Images for object localization:

==================================================

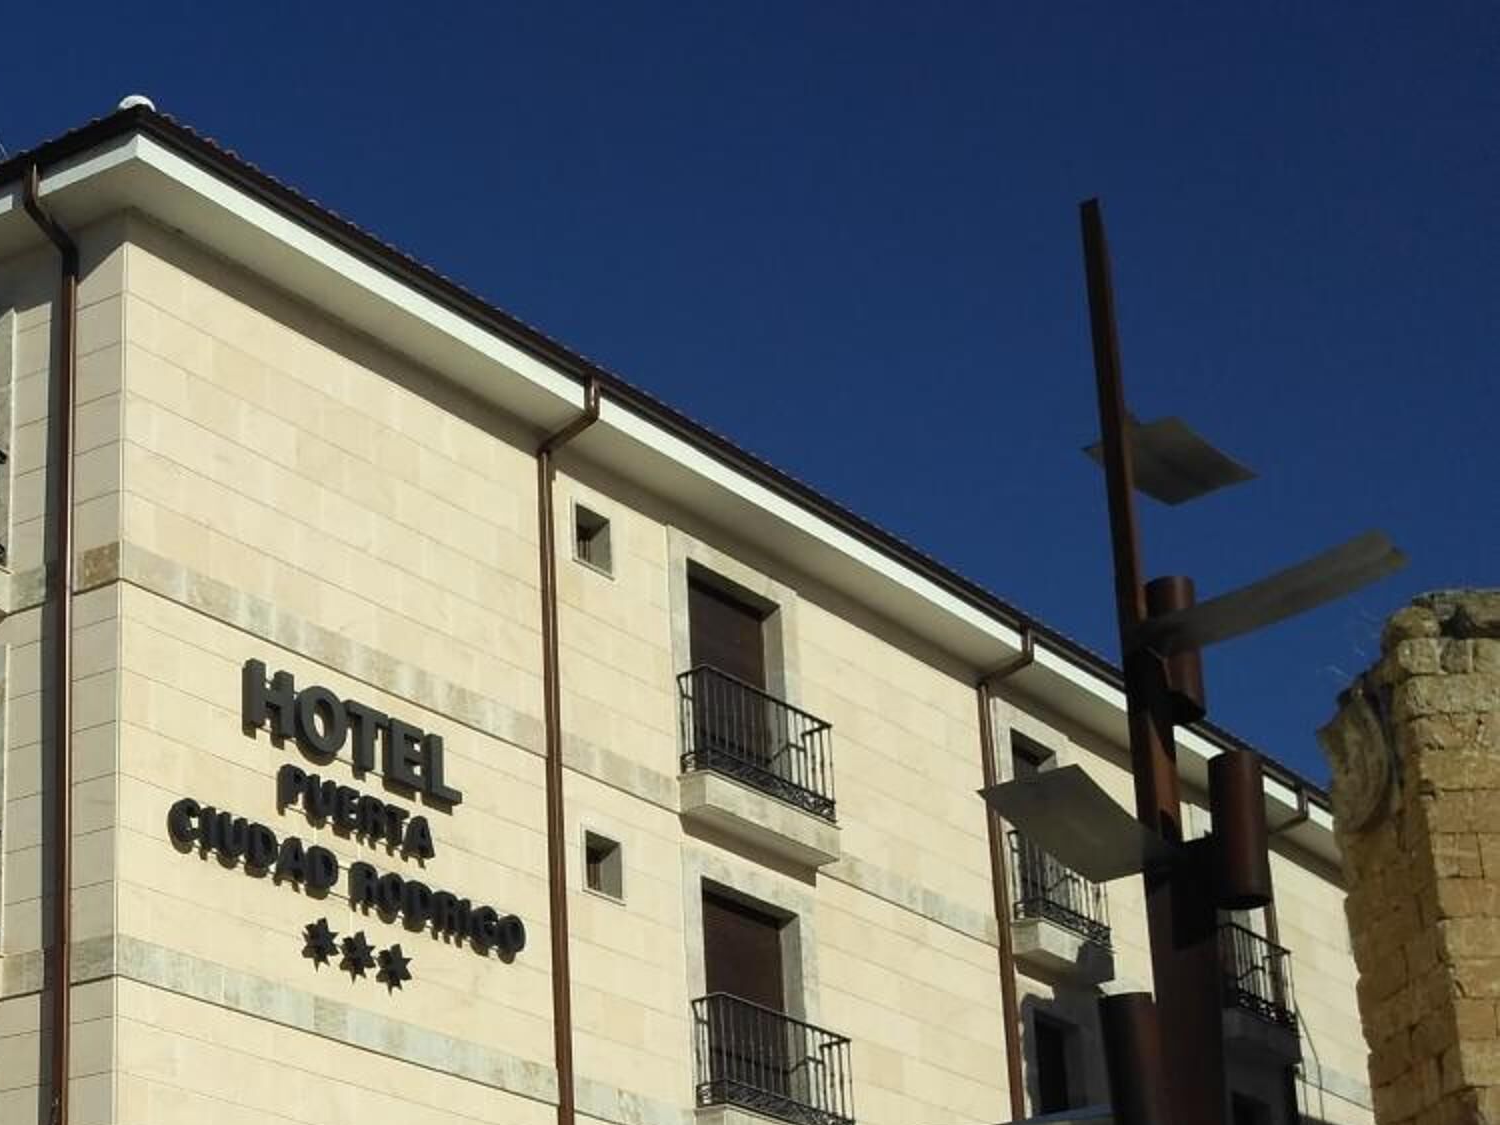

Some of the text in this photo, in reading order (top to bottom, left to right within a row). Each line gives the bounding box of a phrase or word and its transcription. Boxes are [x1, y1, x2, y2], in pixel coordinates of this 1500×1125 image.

[242, 658, 462, 806] HOTEL
[167, 798, 526, 957] CIUDAD RODRIGO
[277, 764, 436, 862] PUERTA
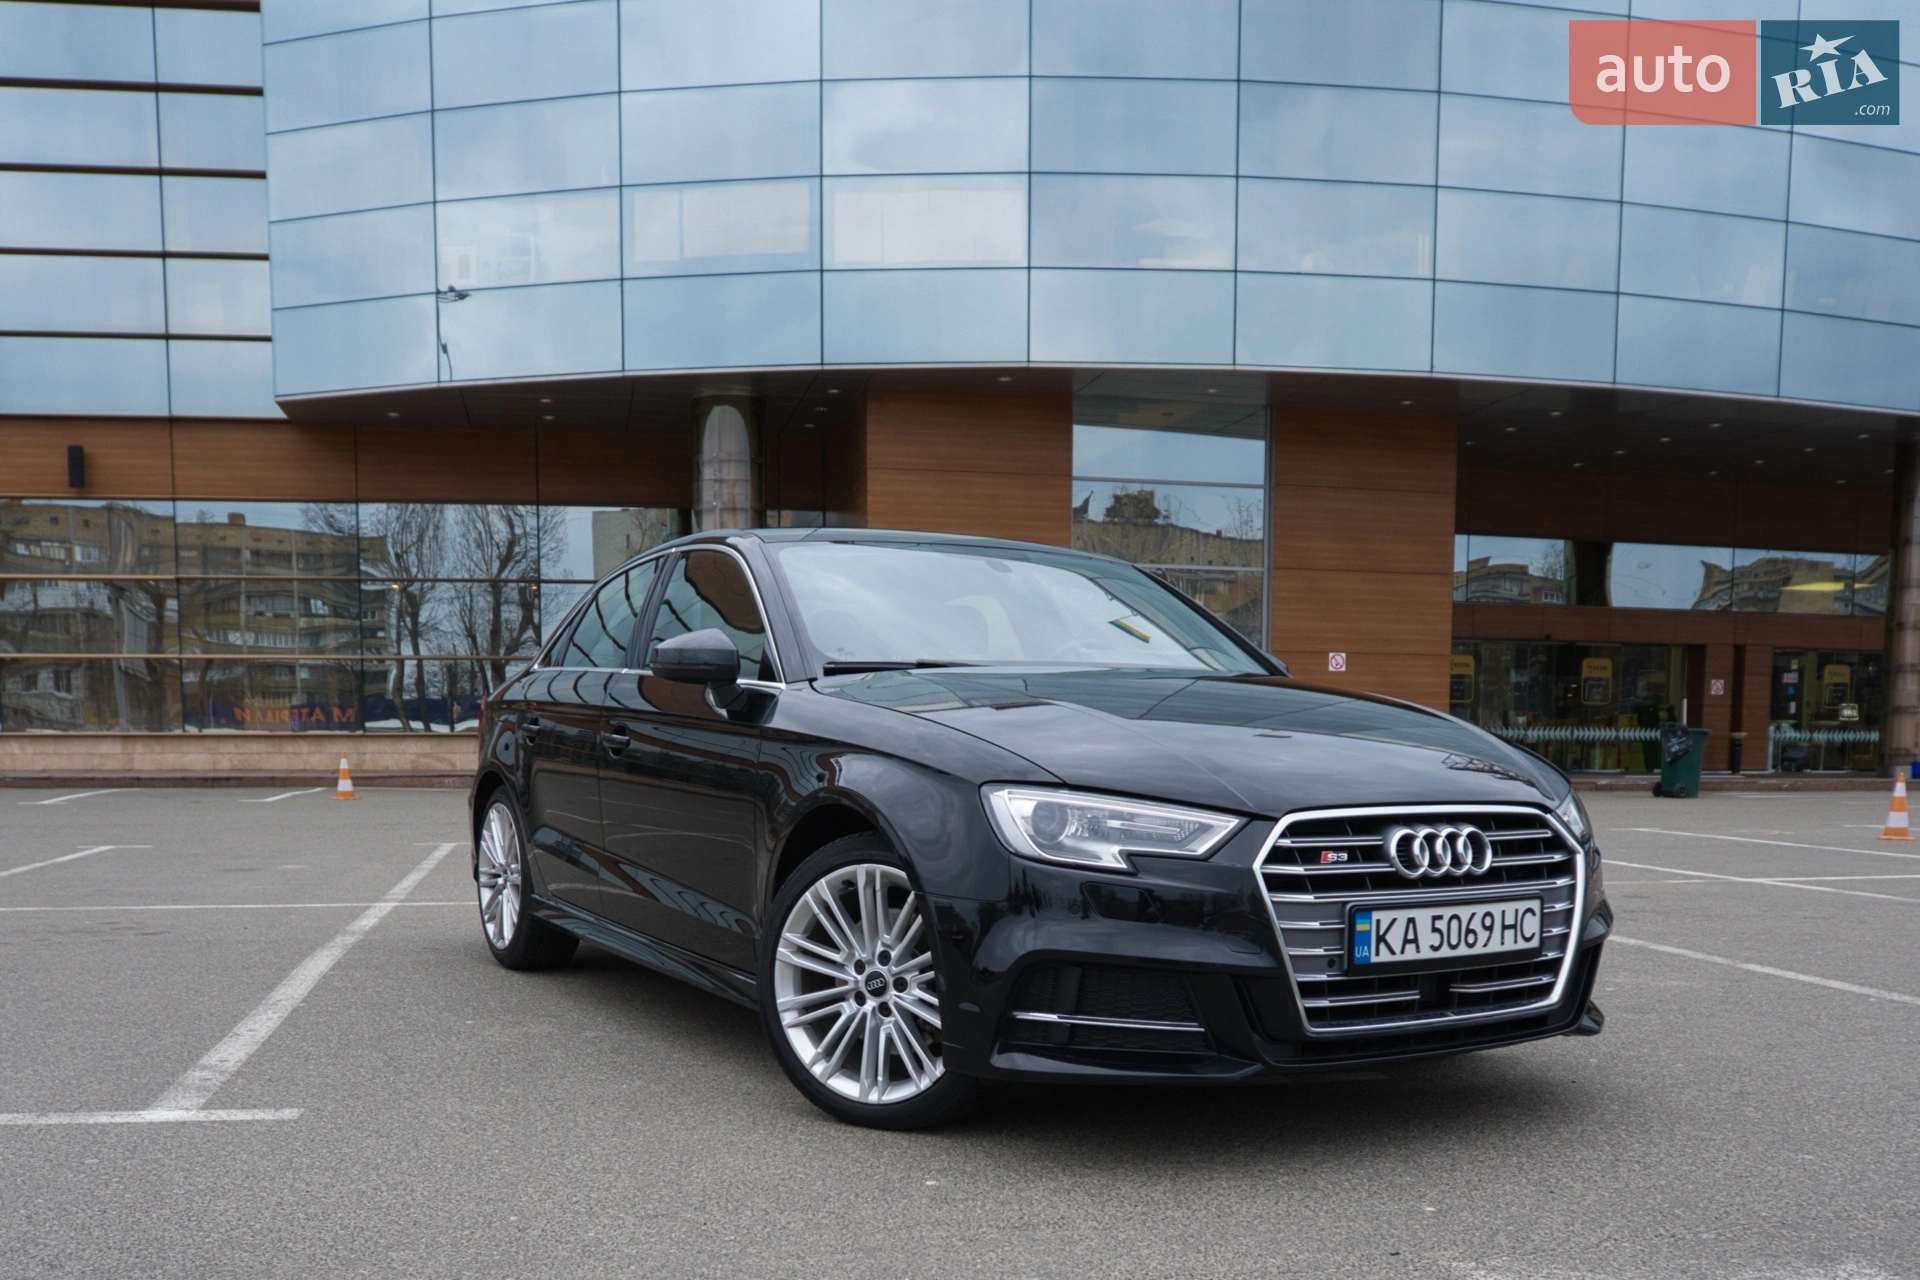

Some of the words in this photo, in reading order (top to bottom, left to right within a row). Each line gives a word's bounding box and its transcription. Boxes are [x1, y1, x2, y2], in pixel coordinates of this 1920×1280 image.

[1327, 853, 1348, 861] S3
[1375, 917, 1421, 957] KA
[1429, 911, 1495, 952] 5069
[1501, 907, 1537, 946] HC
[1355, 946, 1369, 958] UA

==================================================

▶ [Work required]
Write out the records once more, exactly as they stand, with no images.

▶ [Solution]
Some of the text in this photo, in reading order (top to bottom, left to right within a row). Each line gives the bounding box of a phrase or word and its transcription. Boxes are [x1, y1, x2, y2], in pixel coordinates of this 1500×1125 image.

[242, 658, 462, 806] HOTEL
[167, 798, 526, 957] CIUDAD RODRIGO
[277, 764, 436, 862] PUERTA

Some of the words in this photo, in reading order (top to bottom, left to right within a row). Each line gives a word's bounding box and its transcription. Boxes are [x1, y1, x2, y2], in pixel coordinates of this 1920×1280 image.

[1327, 853, 1348, 861] S3
[1375, 917, 1421, 957] KA
[1429, 911, 1495, 952] 5069
[1501, 907, 1537, 946] HC
[1355, 946, 1369, 958] UA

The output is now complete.